● ASSIGNED TASK
Reproduce the entries that follow exactly, dropping each image.

(Items from a dataset)
◆ ◆ ◆ ◆ ◆

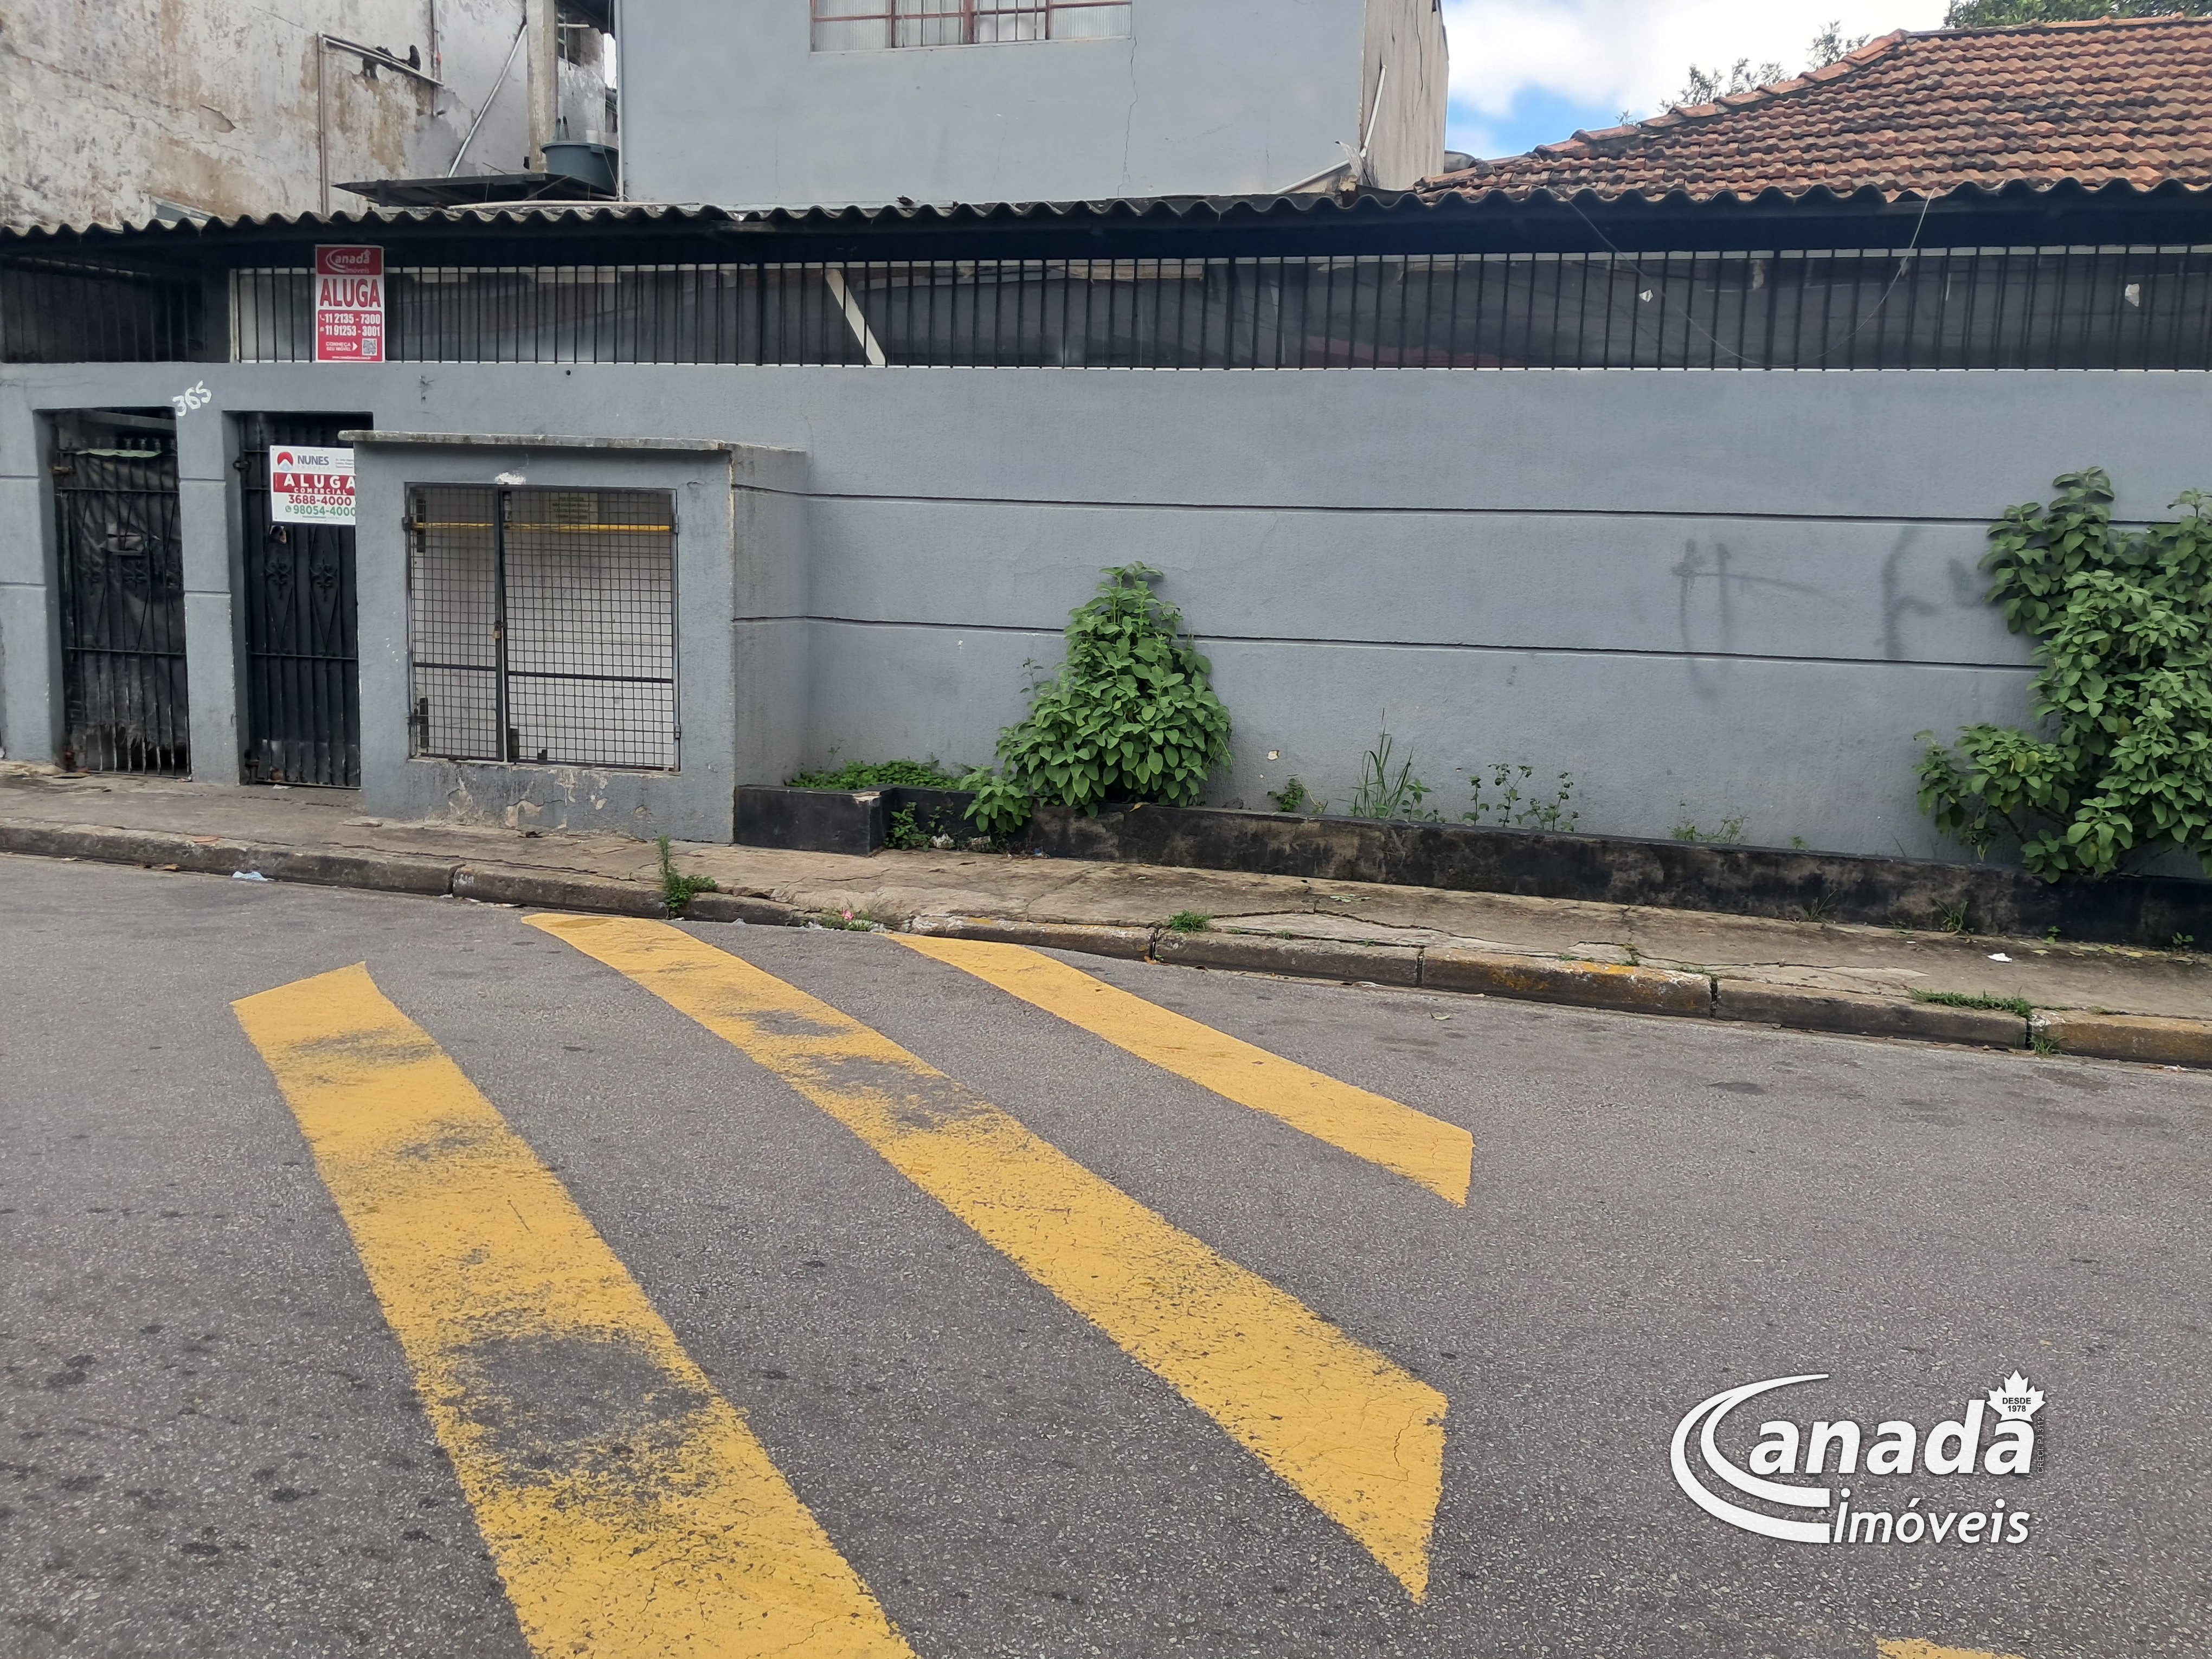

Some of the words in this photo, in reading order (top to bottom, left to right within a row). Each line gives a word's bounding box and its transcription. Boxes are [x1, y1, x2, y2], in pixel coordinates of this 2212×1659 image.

[319, 279, 381, 307] ALUGA
[325, 313, 333, 323] 11
[335, 313, 354, 324] 2135
[361, 314, 381, 324] 7300
[325, 325, 332, 335] 11
[334, 325, 356, 336] 91253
[362, 326, 380, 336] 3001
[172, 380, 212, 417] 365
[297, 455, 330, 466] NUNES
[284, 473, 356, 489] ALUGA
[288, 494, 352, 506] 3688-4000
[293, 505, 356, 517] 98054-4000

◆ ◆ ◆ ◆ ◆

● ANSWER TO THIS EXERCISE
Some of the words in this photo, in reading order (top to bottom, left to right within a row). Each line gives a word's bounding box and its transcription. Boxes are [x1, y1, x2, y2], in pixel coordinates of this 2212×1659 image.

[319, 279, 381, 307] ALUGA
[325, 313, 333, 323] 11
[335, 313, 354, 324] 2135
[361, 314, 381, 324] 7300
[325, 325, 332, 335] 11
[334, 325, 356, 336] 91253
[362, 326, 380, 336] 3001
[172, 380, 212, 417] 365
[297, 455, 330, 466] NUNES
[284, 473, 356, 489] ALUGA
[288, 494, 352, 506] 3688-4000
[293, 505, 356, 517] 98054-4000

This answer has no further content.